Dopo giorni caratterizzati da temperature elevate e condizioni di stabilità atmosferica, l’Italia è stata interessata da una rapida e significativa ondata di maltempo che ha colpito gran parte del territorio nazionale. Per la giornata di giovedì 2 luglio, la Protezione Civile ha emesso allerta rossa in Veneto e allerta arancione in Emilia-Romagna, segnalando un elevato rischio legato a temporali intensi, grandinate e forti raffiche di vento.
Veneto ed Emilia-Romagna tra le aree più colpite
In Veneto si registrano circa 390 interventi dei Vigili del fuoco a partire dalla serata del 1° luglio e per tutta la notte. Le operazioni hanno riguardato soprattutto la rimozione di alberi e rami caduti, oltre alla messa in sicurezza di pali e strutture danneggiate dal vento che ha interessato tutte le province regionali.
Situazione ancora più complessa in Emilia-Romagna, dove il bilancio complessivo raggiunge 803 interventi coordinati dalla Vigili del Fuoco. Le attività di soccorso si sono concentrate principalmente nelle province di Bologna, Modena, Reggio Emilia, Parma, Ferrara, Forlì-Cesena, Ravenna e Rimini. Nonostante l’intensità degli interventi, non risultano criticità gravi per persone o feriti.
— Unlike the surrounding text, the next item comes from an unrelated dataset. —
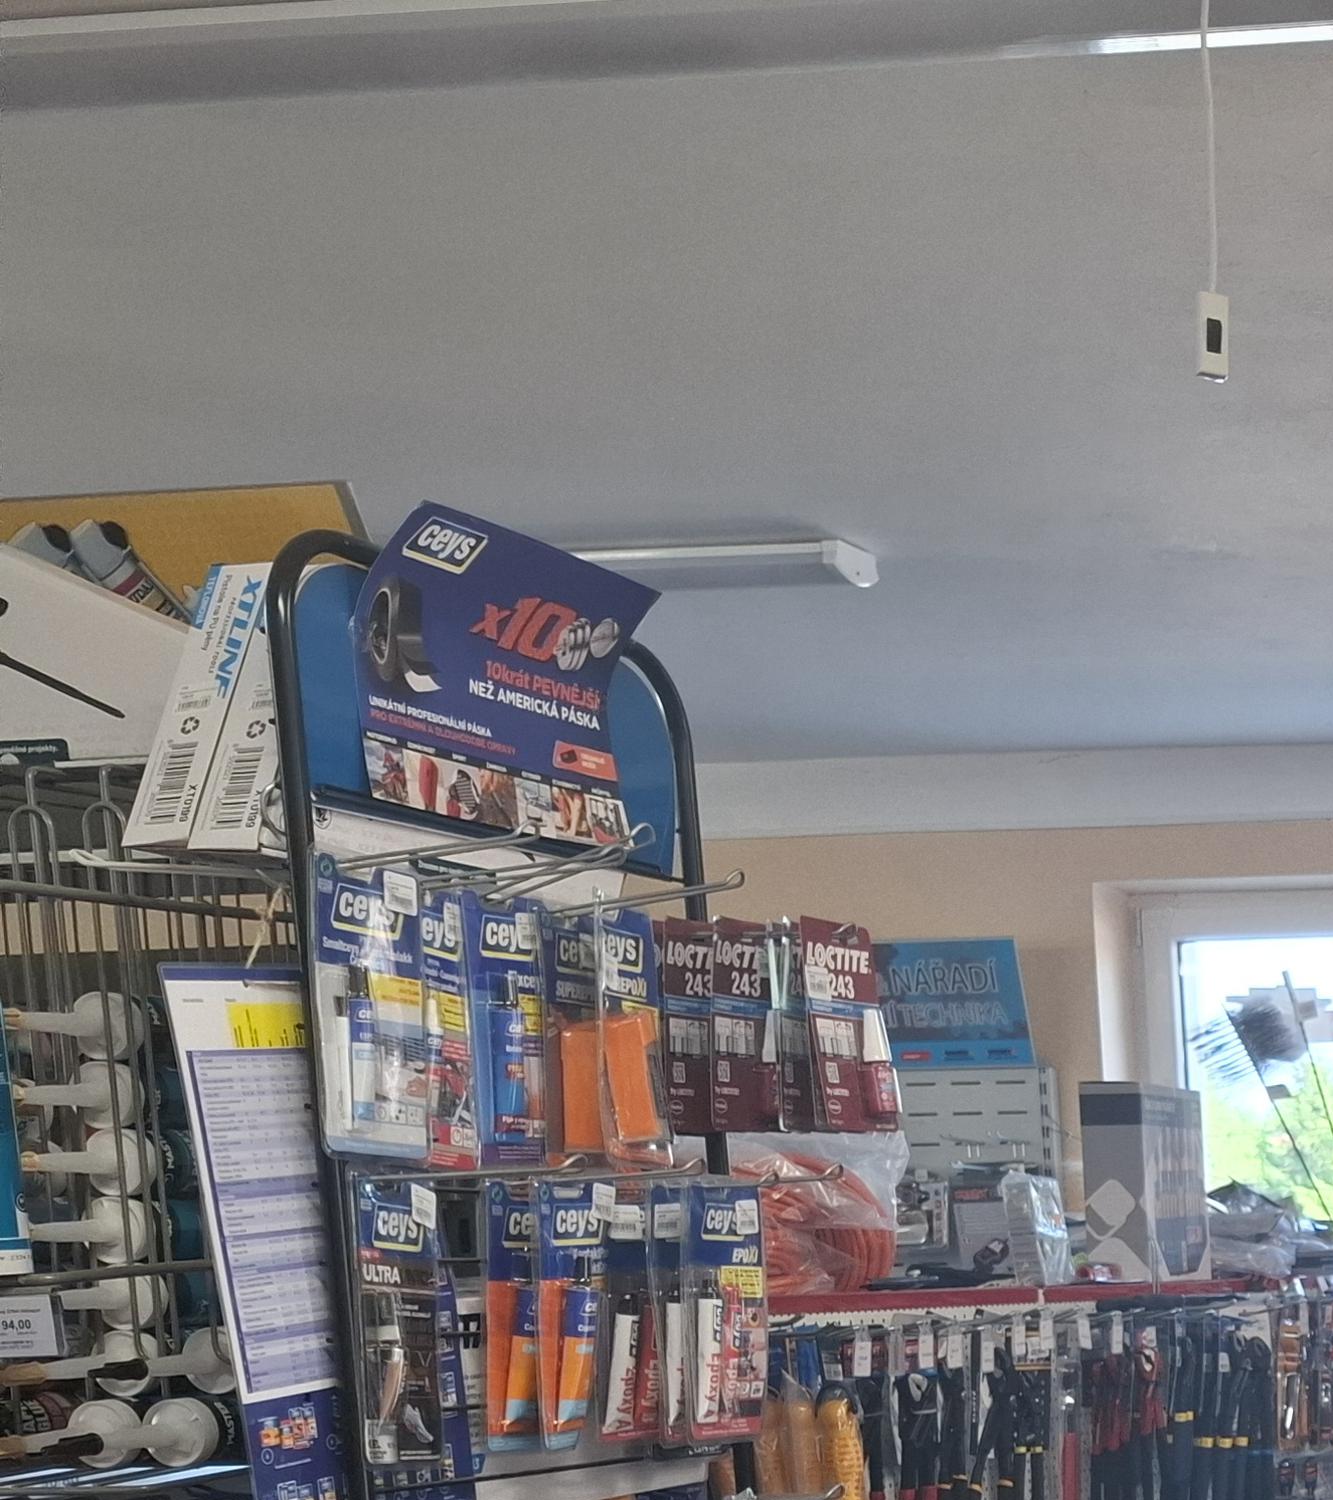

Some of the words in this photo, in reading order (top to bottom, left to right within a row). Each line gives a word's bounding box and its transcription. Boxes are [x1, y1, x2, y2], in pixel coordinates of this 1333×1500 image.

Friuli Venezia Giulia e Roma tra danni e disagi
Il maltempo ha interessato anche il Friuli Venezia Giulia, dove si segnalano alberi sradicati e incendi causati da fulmini. Le precipitazioni intense, unite alla forte ventilazione e all’ingresso di aria più fredda, hanno determinato un sensibile calo delle temperature e condizioni di forte instabilità .
Disagi anche nella Capitale: a Roma, sulla Tangenziale Est, la caduta di rami ha temporaneamente ostruito la carreggiata in direzione San Giovanni. L’intervento della polizia locale ha permesso la rapida rimozione dei detriti, evitando conseguenze per la circolazione e per gli automobilisti.
Un quadro di instabilità diffusa
Il sistema di allerta evidenzia una situazione meteorologica instabile su gran parte del Paese. Oltre alle regioni in massima allerta, è stato diramato un livello giallo in numerose aree, tra cui Abruzzo, Basilicata, Calabria, Campania, Friuli Venezia Giulia, Lazio, Marche, Puglia, Sardegna, Sicilia, Toscana e Umbria.
Il quadro complessivo conferma una fase di forte variabilità atmosferica, con fenomeni localmente intensi e rapidi cambiamenti delle condizioni meteo.